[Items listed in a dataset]

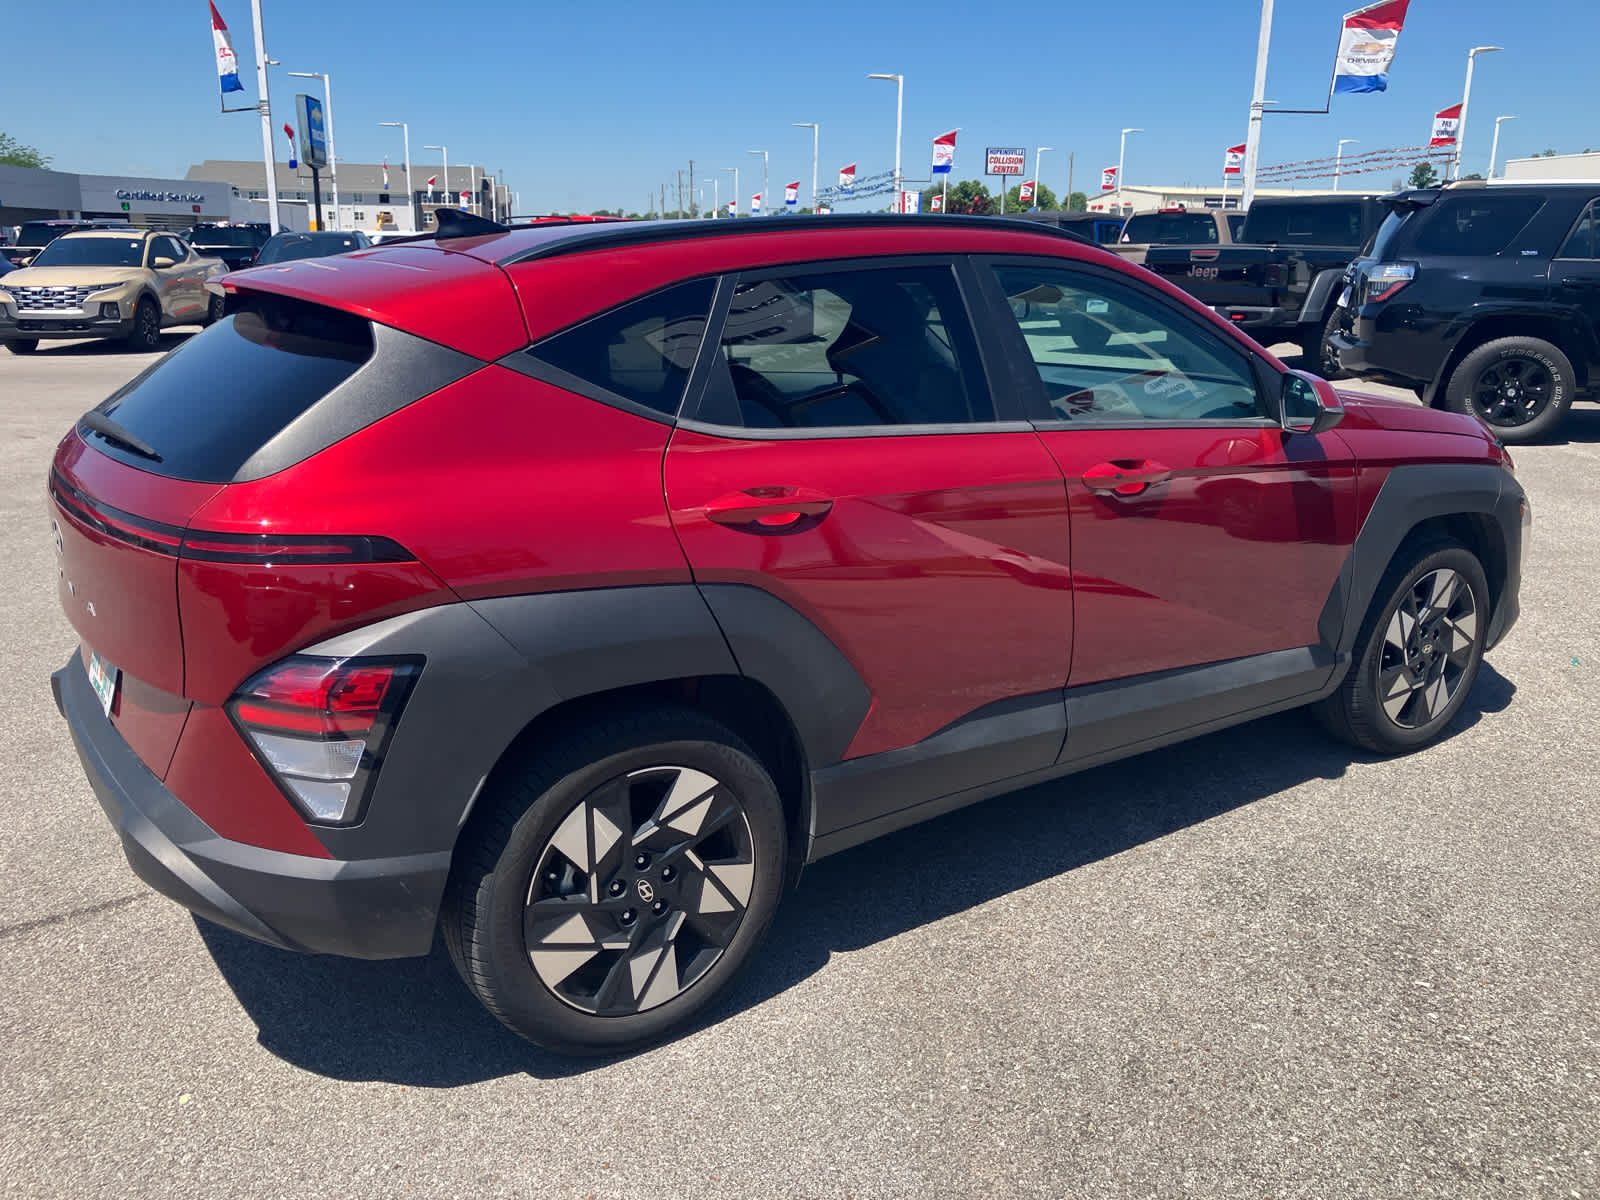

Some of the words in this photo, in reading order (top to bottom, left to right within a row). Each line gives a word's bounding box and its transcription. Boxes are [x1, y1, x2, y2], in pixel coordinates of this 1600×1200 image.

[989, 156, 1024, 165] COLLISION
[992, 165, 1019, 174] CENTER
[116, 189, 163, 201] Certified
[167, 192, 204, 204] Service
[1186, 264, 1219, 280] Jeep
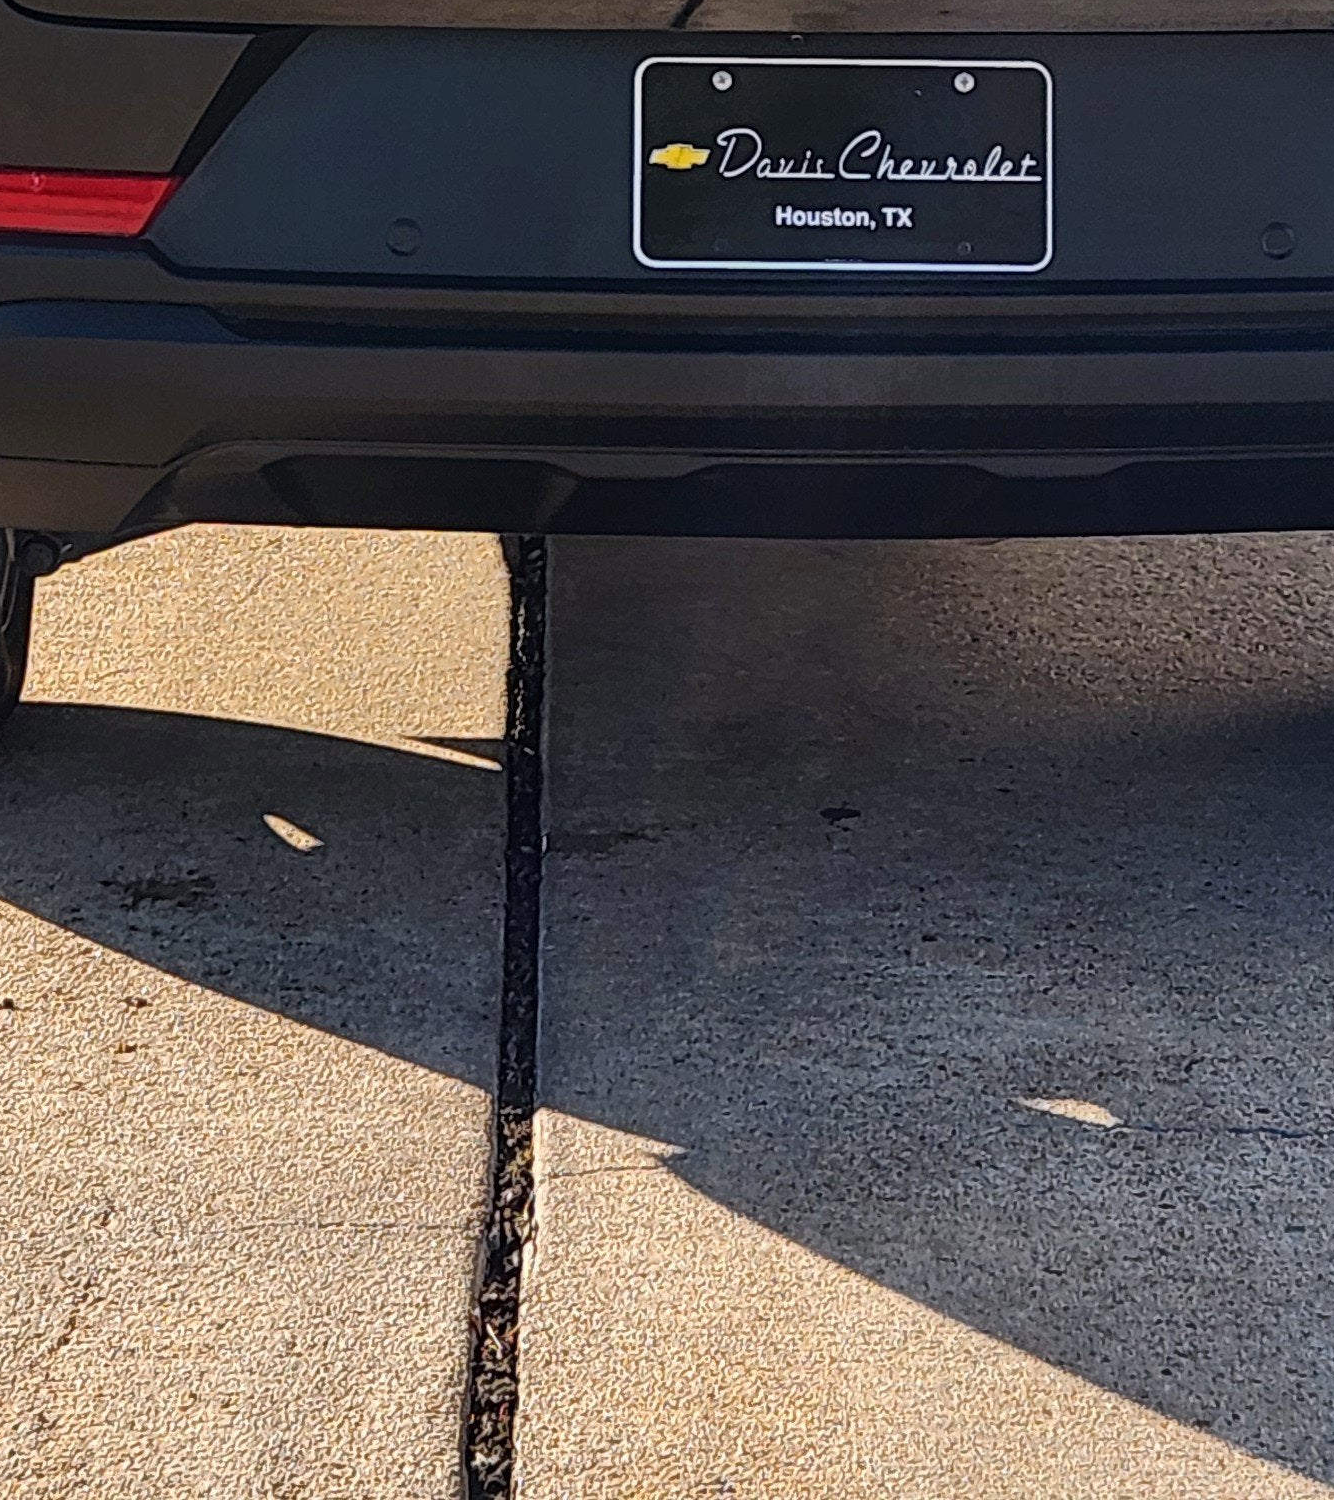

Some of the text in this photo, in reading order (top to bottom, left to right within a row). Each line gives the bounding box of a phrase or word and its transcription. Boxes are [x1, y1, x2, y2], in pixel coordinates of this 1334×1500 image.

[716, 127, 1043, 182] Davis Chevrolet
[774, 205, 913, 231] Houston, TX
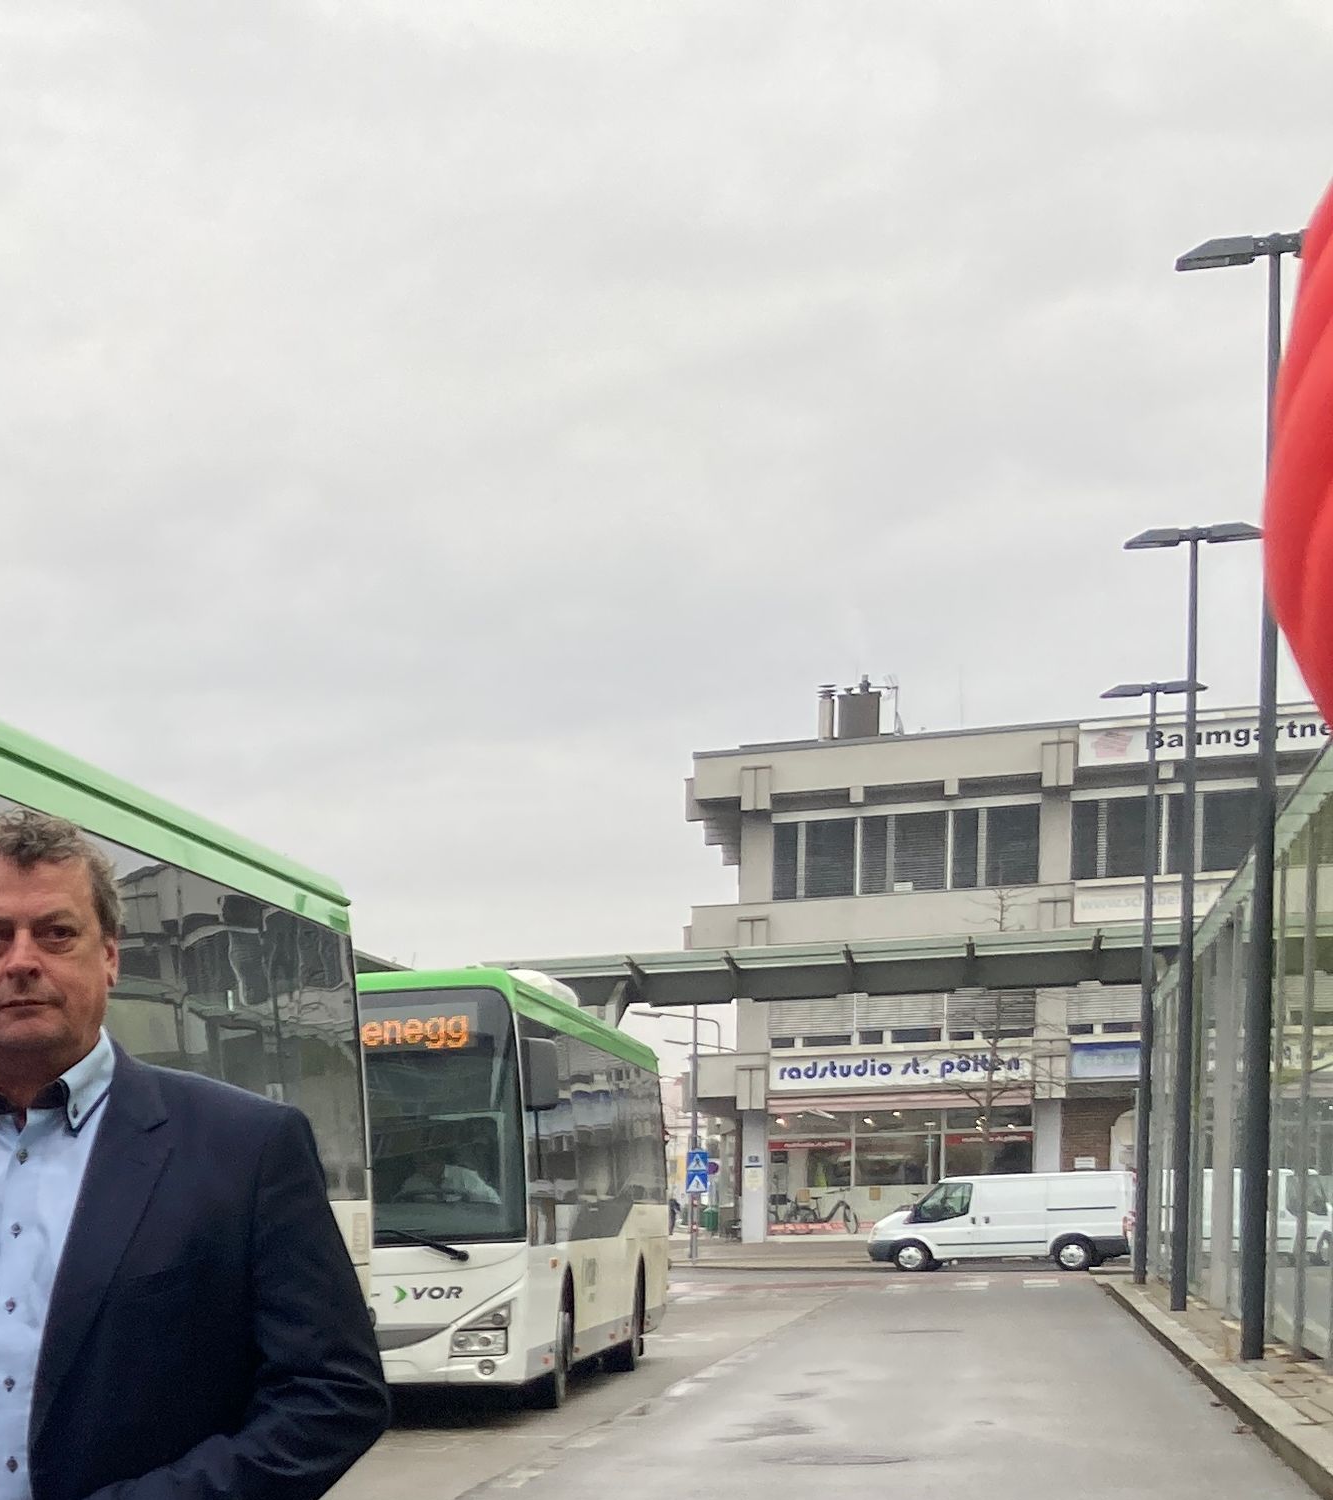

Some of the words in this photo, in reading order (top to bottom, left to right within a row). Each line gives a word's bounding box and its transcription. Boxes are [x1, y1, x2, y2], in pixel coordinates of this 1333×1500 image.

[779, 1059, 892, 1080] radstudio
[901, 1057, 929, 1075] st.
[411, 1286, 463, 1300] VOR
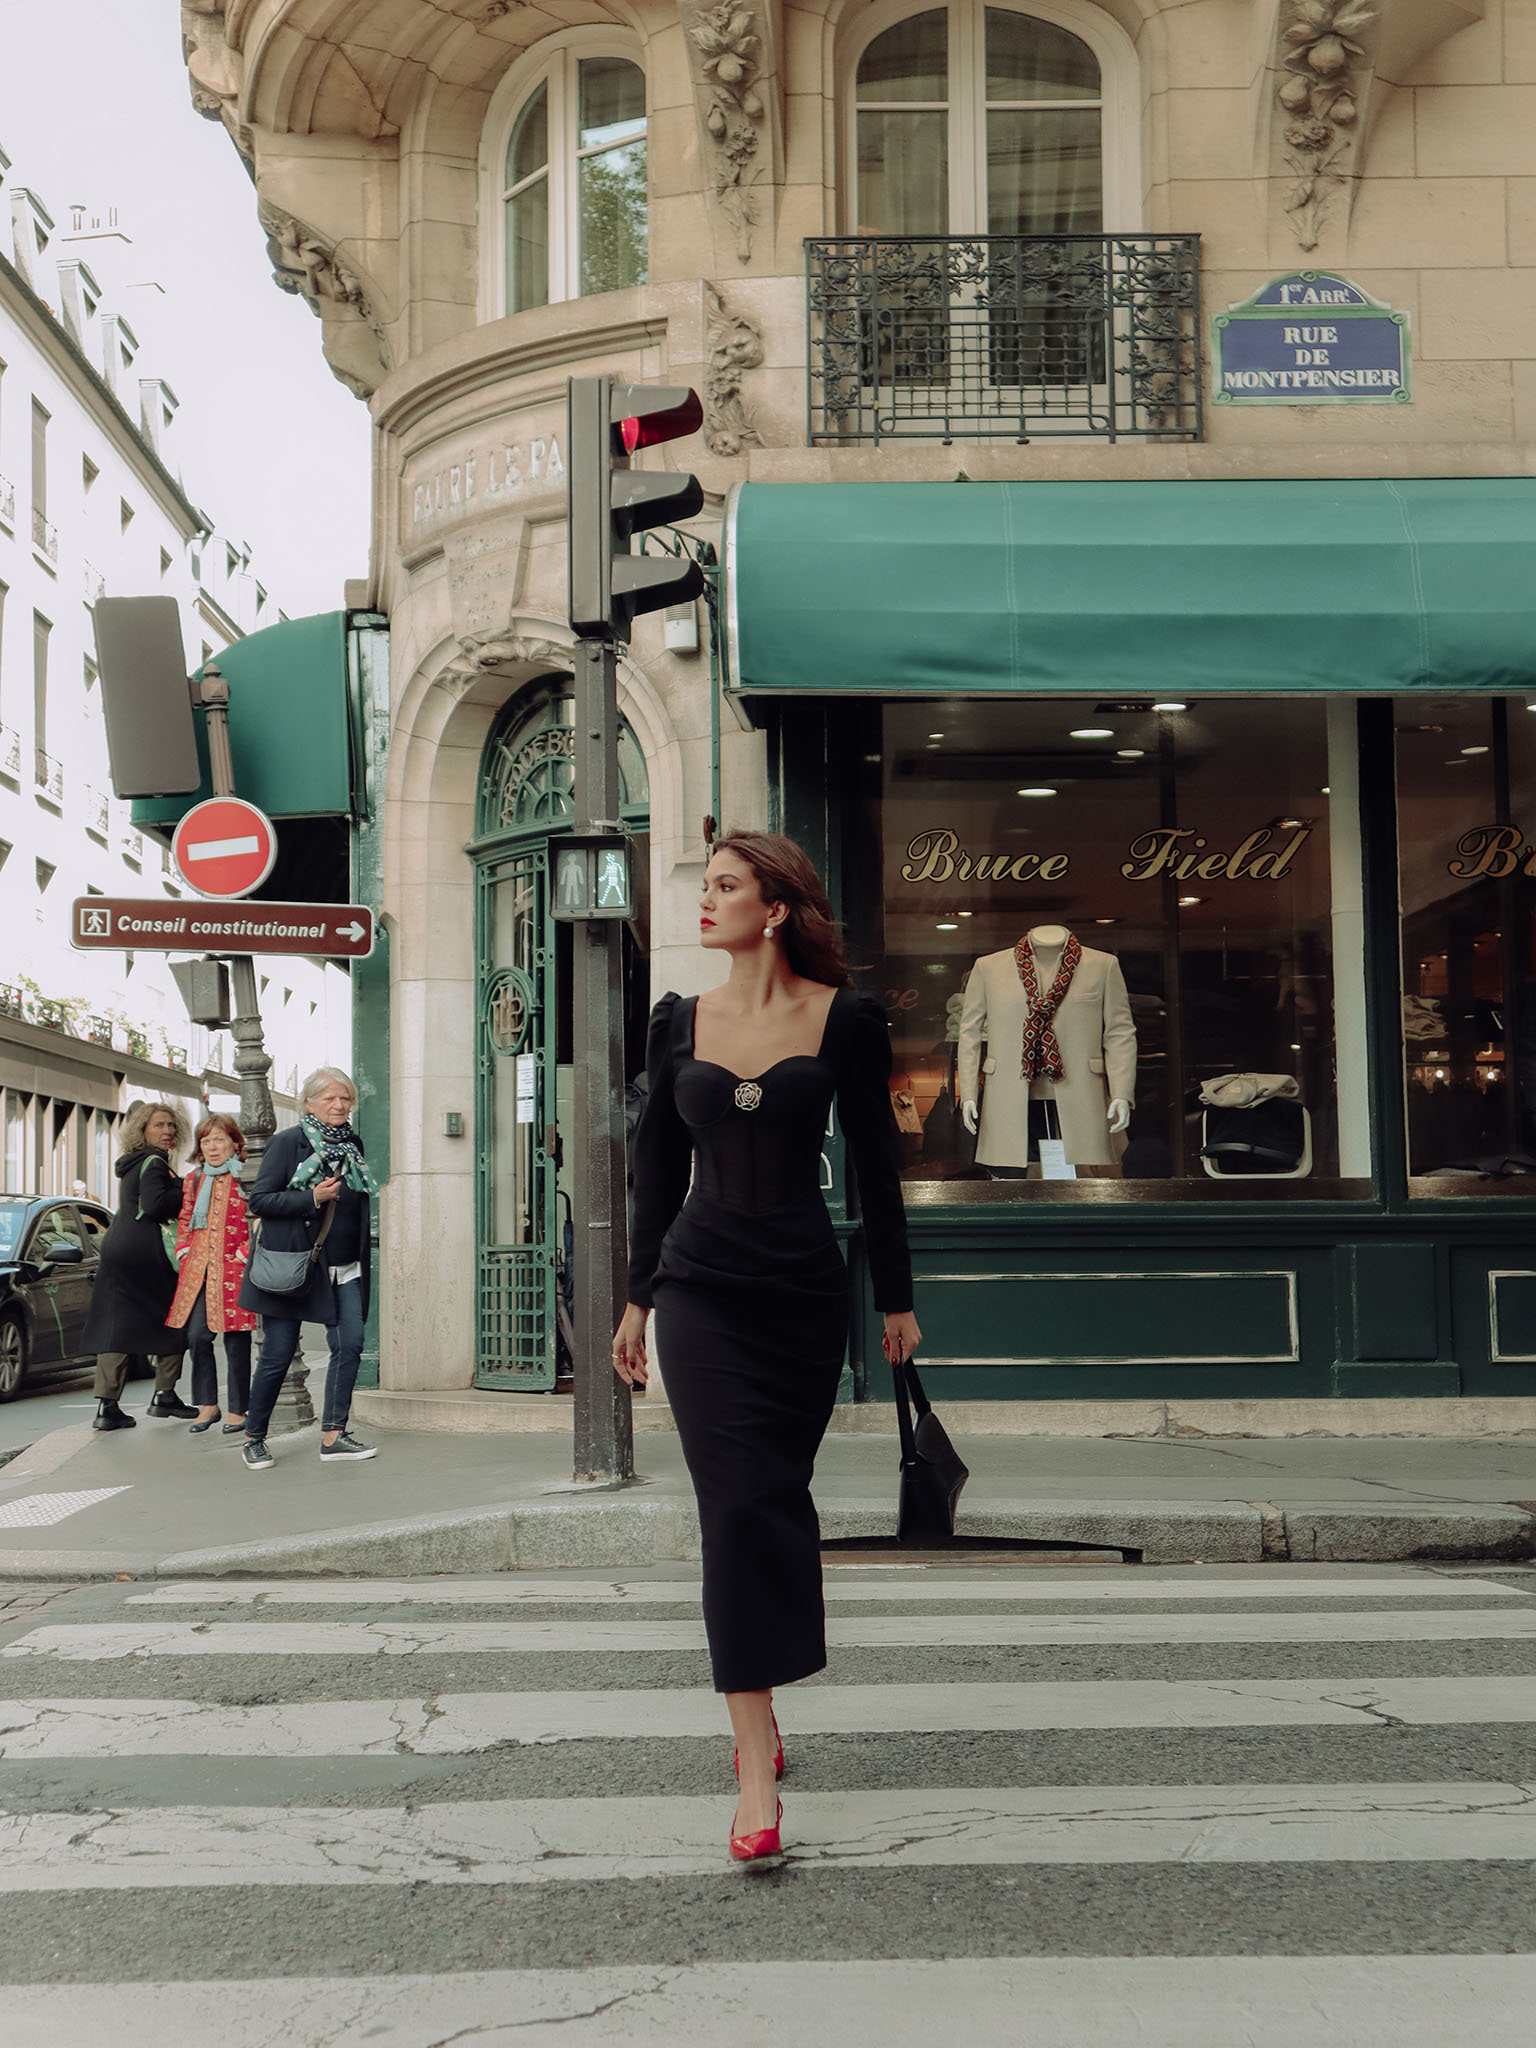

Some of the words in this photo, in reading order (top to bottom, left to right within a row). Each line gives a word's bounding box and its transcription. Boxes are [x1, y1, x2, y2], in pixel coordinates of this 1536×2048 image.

◆ ABOUT THIS TASK: Transcribe all of the records above exactly; no image should appear in what you write.

◆ RESULT:
Some of the words in this photo, in reading order (top to bottom, left to right within a row). Each line gives a word's bounding box and its transcription. Boxes are [x1, y1, x2, y2], in pixel coordinates of this 1600×1200 image.

[989, 156, 1024, 165] COLLISION
[992, 165, 1019, 174] CENTER
[116, 189, 163, 201] Certified
[167, 192, 204, 204] Service
[1186, 264, 1219, 280] Jeep

Some of the text in this photo, in reading order (top to bottom, left to right within a row). Each line gives the bounding box of a phrase or word and its transcription. Boxes are [x1, y1, x2, y2], in pixel coordinates of this 1334×1500 image.

[716, 127, 1043, 182] Davis Chevrolet
[774, 205, 913, 231] Houston, TX

Some of the words in this photo, in reading order (top to bottom, left to right within a row). Each line gives a word's bounding box and its transcription. Boxes are [x1, y1, x2, y2], in pixel coordinates of this 1333×1500 image.

[779, 1059, 892, 1080] radstudio
[901, 1057, 929, 1075] st.
[411, 1286, 463, 1300] VOR

Some of the words in this photo, in reading order (top to bottom, left to right within a row). Each line gives a word's bounding box and its transcription. Boxes are [x1, y1, x2, y2], in pixel coordinates of this 1536×2048 image.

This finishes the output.